Vegetable Stir Fry Noodles Recipes |
How does one make fry noodles without sticking?
If your fry noodles are sticking, toss them with alittle amount of vegetable oil immediately after draining the water and before setting them aside. you'll use whatever sort of oil you're cooking with, or maybe a pat of butter.
The noodles stay together because they're coated with a sticky layer of starch. The oil will keep them from adhering to at least one another, but don't add an excessive amount of because you continue to want the sauce to stick!
What are the simplest noodles for stir fry?
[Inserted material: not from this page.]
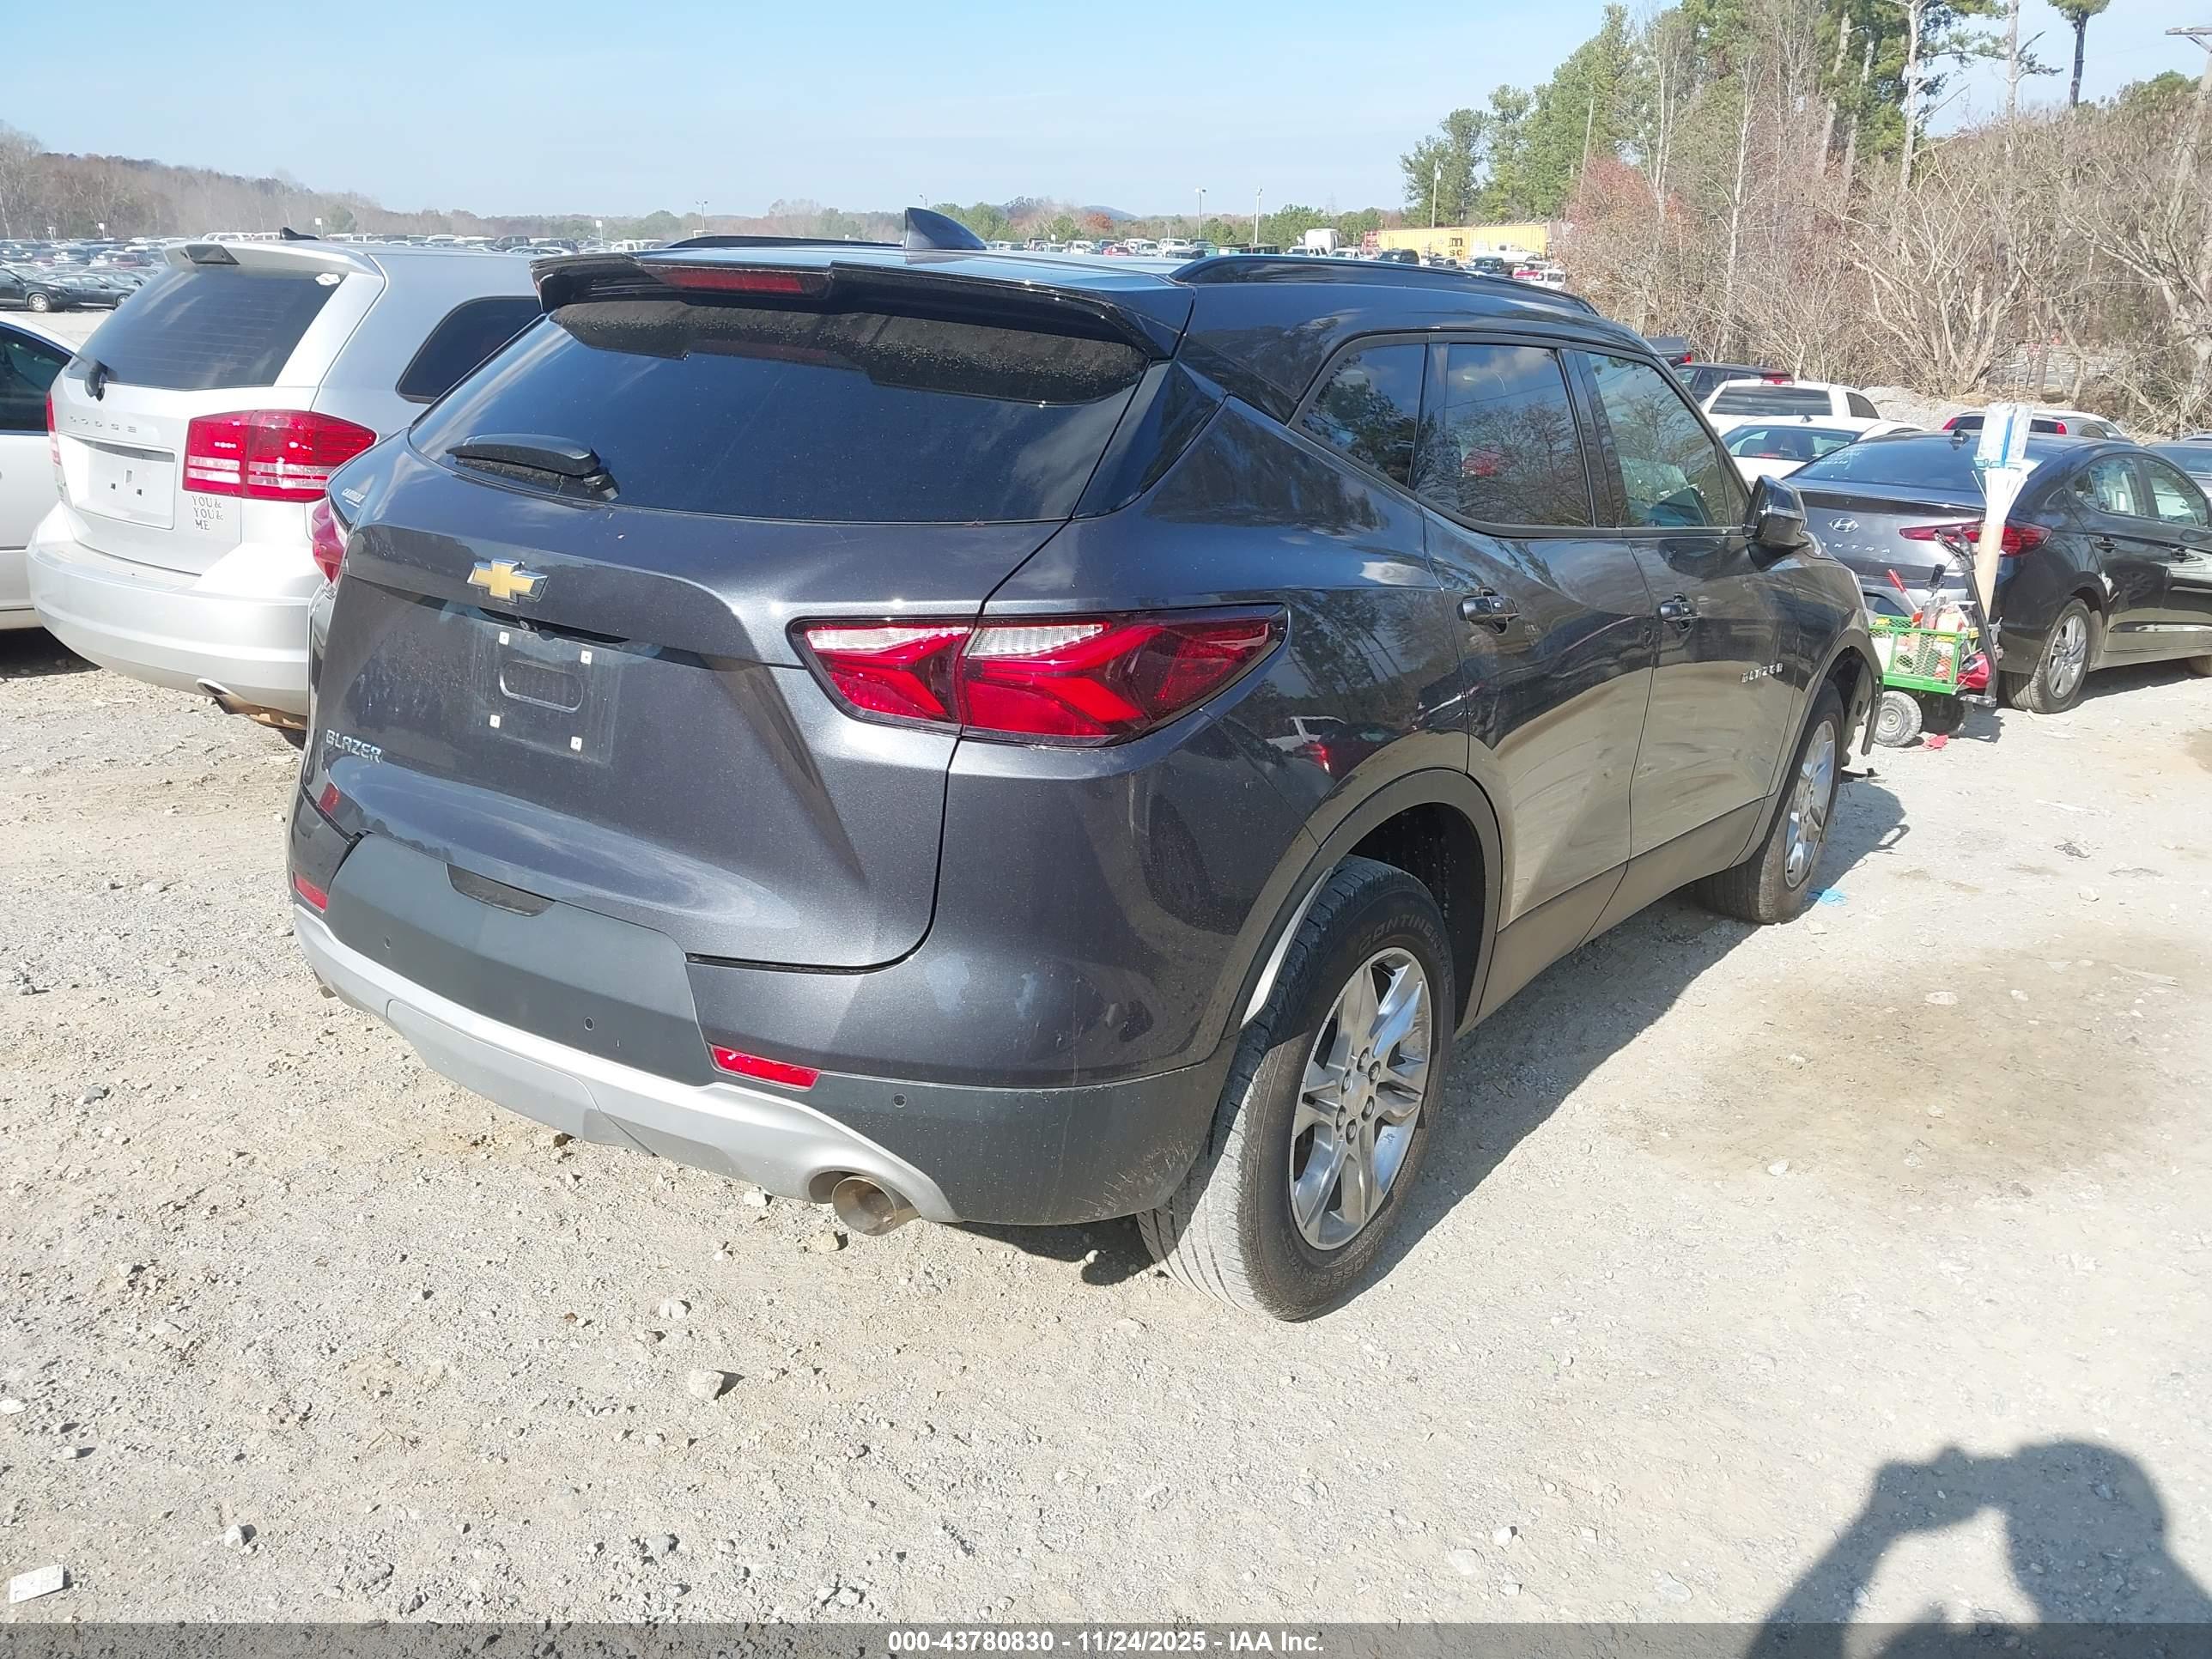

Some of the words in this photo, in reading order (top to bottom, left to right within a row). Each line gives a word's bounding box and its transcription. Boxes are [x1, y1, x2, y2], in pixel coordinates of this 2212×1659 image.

Our favorite fry noodles are soba noodles (sometimes called buckwheat noodles). Other options are ramen noodles, rice noodles, lo mein noodles, or maybe zucchini noodles!
INGREDIENTS:
Stir Fry Noodles:
- Soba/buckwheat noodles about 5 oz., or ½ package
- 4 tablespoons coconut oil divided
- 3 garlic cloves minced
- 1 teaspoon fresh ginger grated (can substitute ½ tea ginger powder)
- 1 quart sliced mushrooms
- 1 shallot chopped (or ¼ cup diced red onion)
- 1 ½ cups broccoli florets
- 1 carrot julienned or shredded
- 3 - 4 stalks kale de-ribbed and chopped
- Chopped green onion (or scallioand sesame seeds for topping
Sauce:
- ¼ cup soy sauce
- 3 tablespoons olive oil
- 1 tablespoon lemon juice
- 2 teaspoons sesame oil
- 1 tablespoon maple syrup or honey
- 1 teaspoon sriracha or more if desired
- 1 teaspoon grated ginger
INSTRUCTIONS:
- Cook noodles according to package directions. While noodles are cooking, whisk together ingredients for the sauce in a small bowl, and set aside.
- Melt 2 tablespoonful coconut oil in skillet or wok over med-high heat. Add garlic and ginger. Cook for 1 minute.
- Add in mushrooms and cook for about 5 minutes. Remove mushrooms from skillet.
- Melt remaining 2 tablespoons coconut oil in skillet. Add shallots and cook about 3 minutes. Add broccoli, carrots and kale. Cook about 5 minutes.
- Add mushrooms back to skillet and cook another 3 to 5 minutes, until veggies are tender.
- Add the cooked noodles and sauce to the skillet. Stir to coat. Cook about 2 minutes.